Co-sleeping/Bedsharing

Attachment parenting principles and benefits - co-sleeping and breastfeeding A baby needs its mother even more during the night than during the day, when its primary sense, sight, is at rest. It is also beneficial for fathers out at work to have that prolonged contact at night and if the mother is breastfeeding he will not be disturbed at all. If the mother can learn to go back to sleep while the baby feeds, her sleep will also be uninterrupted.

Trusting your child

I believe that children are innately social and will behave the way that is expected of them. We tend to deny their signals and finely tuned self-protective instincts, and to interfere with their inherent capabilities. For example, our children very quickly learned how to climb down stairs (and up and down ladders, before they could walk!) and were very careful and considered as they did so.
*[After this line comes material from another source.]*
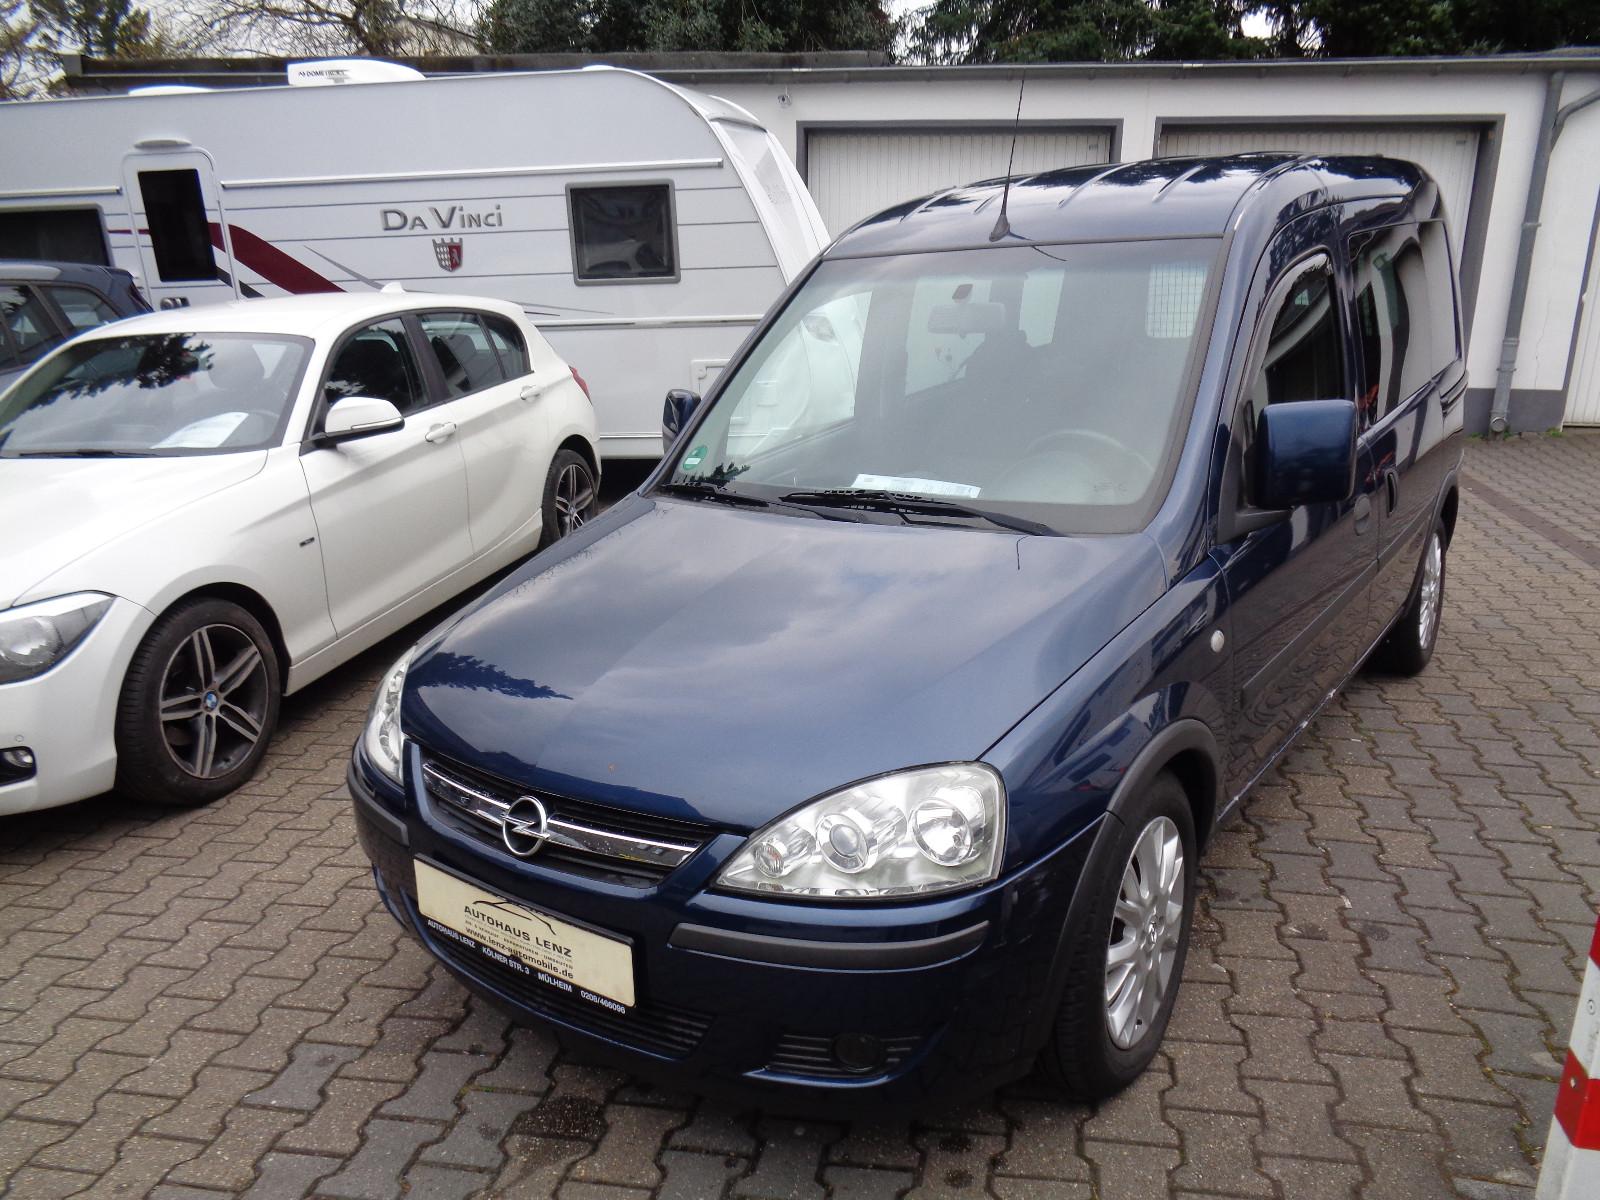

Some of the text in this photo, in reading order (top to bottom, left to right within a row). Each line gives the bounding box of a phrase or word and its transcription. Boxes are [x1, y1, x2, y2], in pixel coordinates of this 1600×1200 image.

Attachment parenting principles and benefits - trusting your child - Arran and Fingal clmbing up a ladder before they could walk! However if continually cautioned with “careful, you'll fall”, they lose confidence and begin to assume that their parents expect them to fall – an expectation with which they will eventually comply. They don't need to be protected from fires because they can feel they are hot, just as we can, and can trust that feeling.

Self-worth and security

If we really respect and empathise with our children, if we allow them to explore the world at their own pace, unhindered and unclouded by our adult perceptions of what is suitable or not, if we acknowledge their feelings no matter how difficult, they will in turn respect themselves and others. They can become capable, healthy, independent adults with a permanent and indomitable sense of their own worth.

Confidence

When we become the allies of our children, they will work with us and respect the boundaries given them. By embracing this message, and replacing destructive child-rearing practices with those that meet our children's innate expectations, we will be surprised how easy and pleasant parenting can be. Later on, we will be living with young adults who feel confident, worthy and welcome in the world.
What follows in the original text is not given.